Based on our textbook readings and class discussions, monogamous relationships evolved in mammals in order to increase the survival of offspring and increase the male’s certainty of paternity. Monogamous relationships limit the number of opportunities a male has to mate and produce offspring, therefore decreasing his reproductive fitness. However, if an offspring requires more resources than one parent can supply, the male may increase his reproductive fitness by helping to care for the offspring and increasing its survival rather than finding a new mate. In mammals, the male’s certainty that an offspring is his (certainty of paternity) is very low due to internal fertilization and therefore male parental care is uncommon. Because social monogamy involves one male mating with one female, it may have evolved in order to increase the male’s certainty of paternity (Campbell & Reece, 2005).

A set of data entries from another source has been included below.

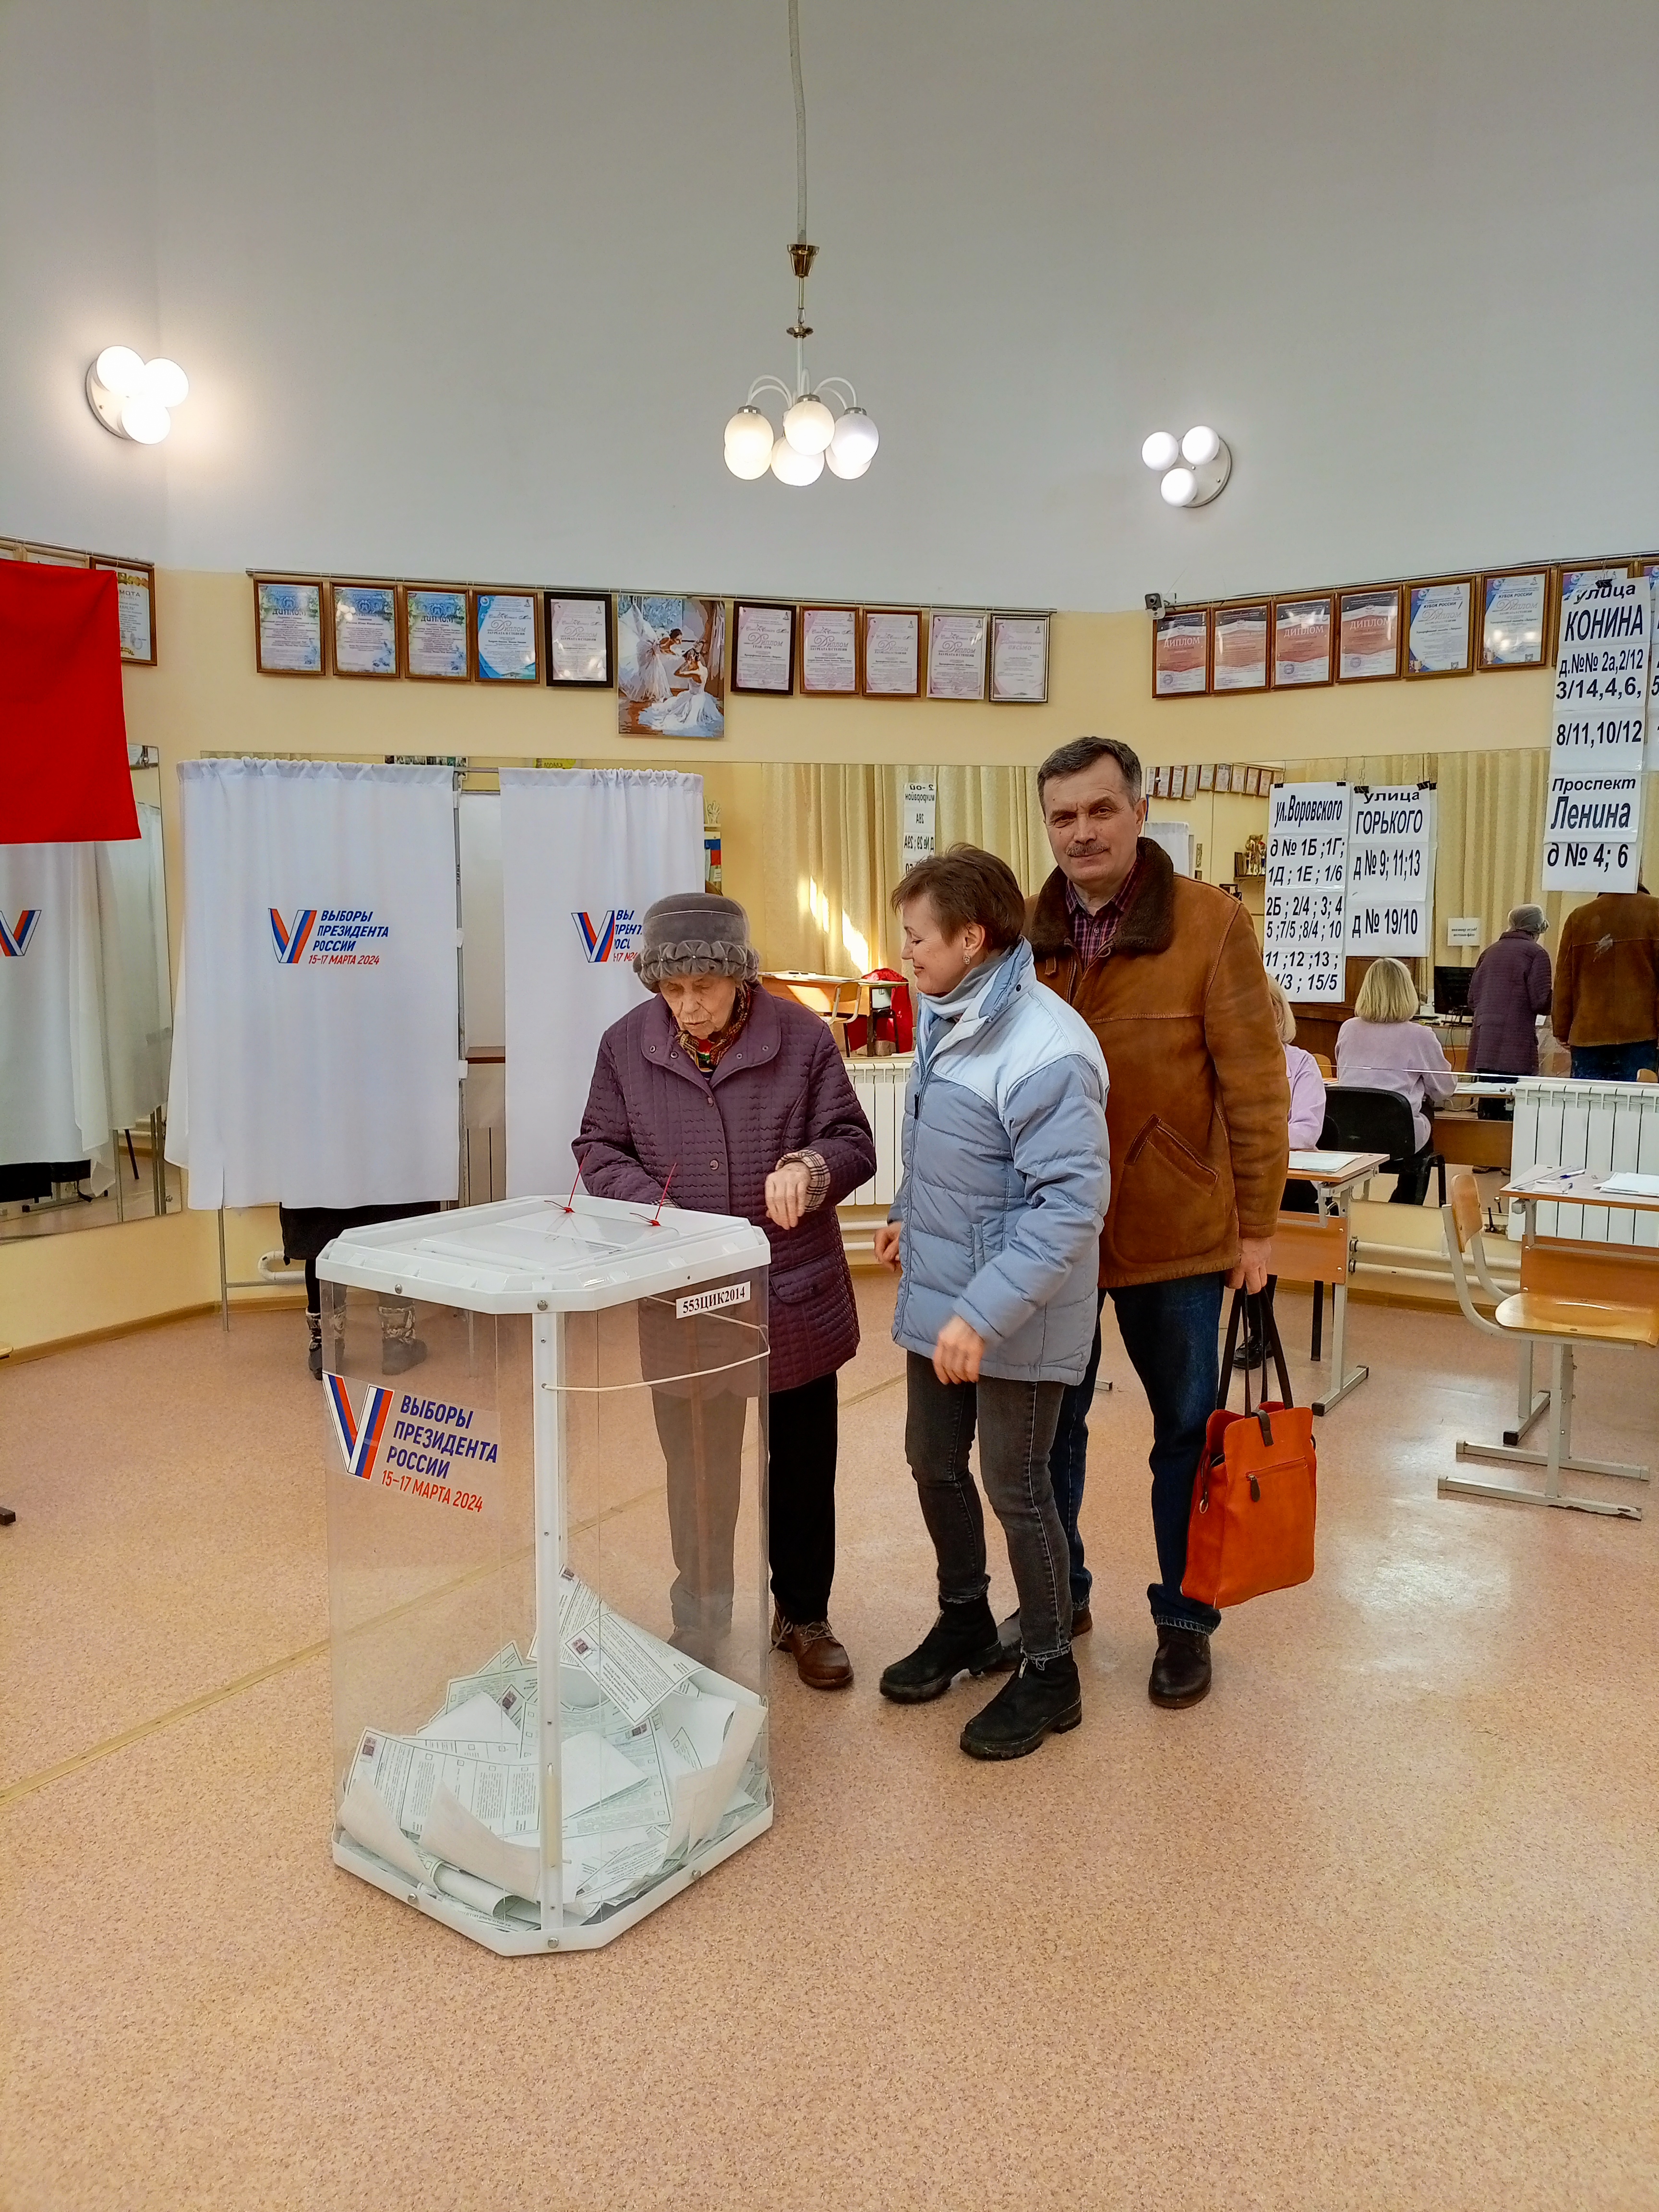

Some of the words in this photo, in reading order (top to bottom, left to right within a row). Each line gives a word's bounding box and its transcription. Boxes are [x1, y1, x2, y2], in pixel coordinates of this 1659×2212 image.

[1574, 584, 1635, 605] улица
[1284, 625, 1324, 638] ДИПЛОМ
[1564, 604, 1643, 642] КОНИНА
[1164, 637, 1200, 648] ДИПЛОМ
[1556, 720, 1643, 749] 8/11,10/12
[1552, 778, 1636, 794] Проспект
[1364, 792, 1419, 804] улица
[1274, 795, 1343, 828] ул.Воровского
[1356, 809, 1423, 834] ГОРЬКОГО
[1551, 796, 1631, 830] Ленина
[1282, 839, 1297, 856] №
[1301, 838, 1317, 855] 1Б
[1353, 856, 1361, 880] д
[1364, 849, 1377, 876] №
[1547, 843, 1559, 866] д
[1565, 843, 1588, 867] №
[1593, 843, 1611, 873] 4;
[1618, 844, 1629, 868] 6
[1297, 866, 1313, 882] 1Е
[1325, 865, 1343, 881] 1/6
[321, 910, 373, 922] ВЫБОРЫ
[1266, 897, 1281, 916] 2Б
[1293, 896, 1310, 915] 2/4
[1335, 896, 1343, 915] 4
[317, 925, 389, 938] ПРЕЗИДЕНТА
[1329, 920, 1342, 938] 10
[1352, 915, 1361, 938] д
[1365, 908, 1380, 934] №
[1384, 908, 1418, 935] 19/10
[313, 940, 356, 951] РОССИИ
[328, 955, 356, 964] МАРТА
[357, 955, 380, 965] 2024
[1265, 951, 1278, 967] 11
[1308, 974, 1338, 990] 15/5
[683, 1286, 745, 1313] 553ЦИК2014
[400, 1395, 474, 1429] ВЫБОРЫ
[393, 1420, 498, 1463] ПРЕЗИДЕНТА
[386, 1445, 451, 1479] РОССИИ
[412, 1479, 451, 1504] МАРТА
[453, 1490, 483, 1513] 2024

Lukas and Clutton-Brock suggest that social monogamy in primates and other nonhuman mammals evolved as a result of ancestral conditions of female intolerance and low female density, which decreased male access to breeding females. In their article, they state, “In all but one case, socially monogamous species in our data set appear to have been derived from an ancestor where females were solitary and lived in individual home ranges and males ranged independently” (Lukas & Clutton-Brock, 2013). Lukas and Clutton-Brock also suggest that paternal care is a consequence rather than a cause of social monogamy, stating, “about half of all independent transitions to paternal care have occurred in instances where social monogamy was already established” (Lukas & Clutton-Brock, 2013). They also refute the idea that social monogamy evolved to allow males to protect their offspring from infanticidal competitors, stating that there is no evidence of an association between the two and that they evolved independently of each other. They ultimately reach the conclusion that social monogamy evolved in mammals where feeding competition between females was intense, breeding females were intolerant of each other, and a low female density prevented males form guarding more than one breeding female (Lukas & Clutton-Brock, 2013).
In contrast, Opie et al. suggest that social monogamy evolved in mammals as a defense against male infanticide and that the evolution of discrete female ranges and paternal care followed the shift to social monogamy (Opie et al., 2013). Opie et al. suggest that high rates of male infanticide lead to a shift towards social monogamy, which then in turn resulted in an increase in paternal care, which decreased rates of infanticide because one or more of the pair-members could defend the infant. According to Opie et al., “In primates, paternal care is associated with a shortening of interbirth intervals and an increase in reproductive rates” (Opie et al., 2013). This finding supports the idea that social monogamy, which is often accompanied by paternal care, increases reproductive rates and therefore makes monogamy more advantageous. Social monogamy also facilitates a shorter lactation period (because females can increase the resources devoted to lactation when relieved of some infant care), which also decreases infanticide risk. Ultimately, Opie et al. conclude that the cause of social monogamy in primates is male infanticide (Opie et al., 2013).
I think that the argument presented by Opie et al. is more convincing because it clearly addresses each of the three current hypotheses for the evolution of social monogamy (paternal care, female ranging patterns, and male infanticide) and presents compelling rebuttals for why paternal care and female ranging patterns could not have resulted in social monogamy. One of the methods that were used was a model of correlated evolution between mating systems and different traits, which showed correlations between the presence of social monogamy and paternal care, female ranging patterns, and male infanticide (Opie et al., 2013). However, the article acknowledges that correlation does not imply causation and goes on to explain why paternal care and female ranging patterns both evolved independently after the emergence of social monogamy. Opie et al. also present a detailed account of the methodology used to collect data at the end of the article. In this account of methodology, they also address any sources of error and how sampling issues were accounted for. This description of methodology and analysis is very clear and succinct, as opposed to Lukas & Clutton-Brock’s more disorganized description. Lukas & Clutton-Brock’s article often refutes a hypothesis by simply presenting statistical data without elaborating any further on the meaning of it. For example, when addressing social monogamy and male infanticide, Lukas & Clutton-Brock state, “an analysis of independent contrasts (t=-0.402, P=0.69) and BayesTraits’ models suggest an independent evolution of the two traits” (Lukas & Clutton-Brock, 2013). Granted, this article was likely intended for scientists who understand this statistical jargon and could make meaning of it. Nonetheless, I believe that a clear elaboration of this analysis would add to the credibility of the article.
These articles added to my understanding of monogamy in primates, but were not very surprising. With my current understanding, I agree more with Opie et al.’s conclusion that social monogamy evolved to defend against male infanticide. One idea that I found very interesting and surprising was Opie et al.’s discussion about why more primate species are not monogamous if, in fact, monogamy reduces rates of infanticide. Rates of infanticide in species such as gorillas and langurs are very high, accounting for between 34-64% of all infant deaths (Opie et al., 2013). It was surprising to me that there would not be a strong selective pressure for social monogamy in these species, but the article states that other factors such as predation pressures may also be at play. For example, predation pressures cause larger group sizes to be more advantageous and therefore social monogamy may not be as likely to evolve in this environment (Opie et al., 2013).